The stronger-than-expected results boosted the bank's core capital ratio, a key measure of its financial strength, to 14.6%, which was also above forecasts for 14%.

INVESTMENT BANK SHINES

The lender's investment bank supported its results, as it has done in recent quarters, in a fillip for Staley who has staked much of his credibility on the business at a time when some shareholders want it cut back.

Revenue from its markets division, which has benefited from frenzied trading amid volatile markets worldwide, rose 29% from a year earlier to 1.69 billion pounds. Equities trading jumped 40% to 691 million pounds while fixed income, currencies and commodities rose 23% to 1 billion pounds.

Like its rivals, Barclays has halted dividend payments at the request of Britain's regulators.
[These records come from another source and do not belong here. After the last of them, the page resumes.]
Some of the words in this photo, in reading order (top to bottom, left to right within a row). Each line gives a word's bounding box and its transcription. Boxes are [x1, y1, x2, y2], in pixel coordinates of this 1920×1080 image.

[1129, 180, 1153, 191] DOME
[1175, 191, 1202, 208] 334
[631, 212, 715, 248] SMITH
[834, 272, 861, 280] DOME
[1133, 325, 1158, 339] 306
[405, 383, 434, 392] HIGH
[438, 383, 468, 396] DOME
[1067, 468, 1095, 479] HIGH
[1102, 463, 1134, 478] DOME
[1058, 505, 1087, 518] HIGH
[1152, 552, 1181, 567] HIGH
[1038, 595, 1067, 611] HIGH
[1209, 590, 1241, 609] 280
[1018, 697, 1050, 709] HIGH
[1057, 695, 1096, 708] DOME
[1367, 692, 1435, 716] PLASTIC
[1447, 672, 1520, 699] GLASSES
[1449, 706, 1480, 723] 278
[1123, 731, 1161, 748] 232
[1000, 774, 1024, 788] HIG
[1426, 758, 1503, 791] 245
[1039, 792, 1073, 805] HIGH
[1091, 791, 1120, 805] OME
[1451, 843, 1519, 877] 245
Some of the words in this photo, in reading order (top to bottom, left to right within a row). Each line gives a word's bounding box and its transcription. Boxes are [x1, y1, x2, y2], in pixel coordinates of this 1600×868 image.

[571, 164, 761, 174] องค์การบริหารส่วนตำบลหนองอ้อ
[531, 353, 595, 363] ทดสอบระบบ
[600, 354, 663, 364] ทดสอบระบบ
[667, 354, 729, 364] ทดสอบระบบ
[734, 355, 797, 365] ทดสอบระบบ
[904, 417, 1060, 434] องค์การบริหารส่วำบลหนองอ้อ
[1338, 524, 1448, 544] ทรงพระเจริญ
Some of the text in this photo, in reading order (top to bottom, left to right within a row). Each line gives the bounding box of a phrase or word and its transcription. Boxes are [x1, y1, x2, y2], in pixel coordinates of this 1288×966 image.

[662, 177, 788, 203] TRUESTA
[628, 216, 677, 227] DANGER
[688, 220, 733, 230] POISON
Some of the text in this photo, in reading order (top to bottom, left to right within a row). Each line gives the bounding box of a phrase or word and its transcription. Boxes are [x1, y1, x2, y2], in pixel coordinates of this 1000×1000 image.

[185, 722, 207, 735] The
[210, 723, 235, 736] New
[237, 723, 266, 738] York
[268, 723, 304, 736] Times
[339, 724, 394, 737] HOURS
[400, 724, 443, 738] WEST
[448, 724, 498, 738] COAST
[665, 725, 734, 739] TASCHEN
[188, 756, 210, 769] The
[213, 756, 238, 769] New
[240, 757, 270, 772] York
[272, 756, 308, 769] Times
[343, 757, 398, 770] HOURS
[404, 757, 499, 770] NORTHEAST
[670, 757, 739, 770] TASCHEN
It said it would give an update on its payout policy when it reports full-year results.

Barclays downgraded its baseline economic forecast for the United Kingdom this year as local lockdowns kick in to control a second wave of COVID-19 heading into the winter months.

The bank now expects gross domestic product to fall 10.3% this year, versus its June forecast of an 8.7% drop, but it said there had been no significant rise in bad loans so far due to government financial support for jobs and companies.

U.S. banks, which reported earnings earlier this month, gave a muddied picture of what to expect, with balance sheets looking healthier than expected but executives forecasting a gloomy outlook for losses from loans.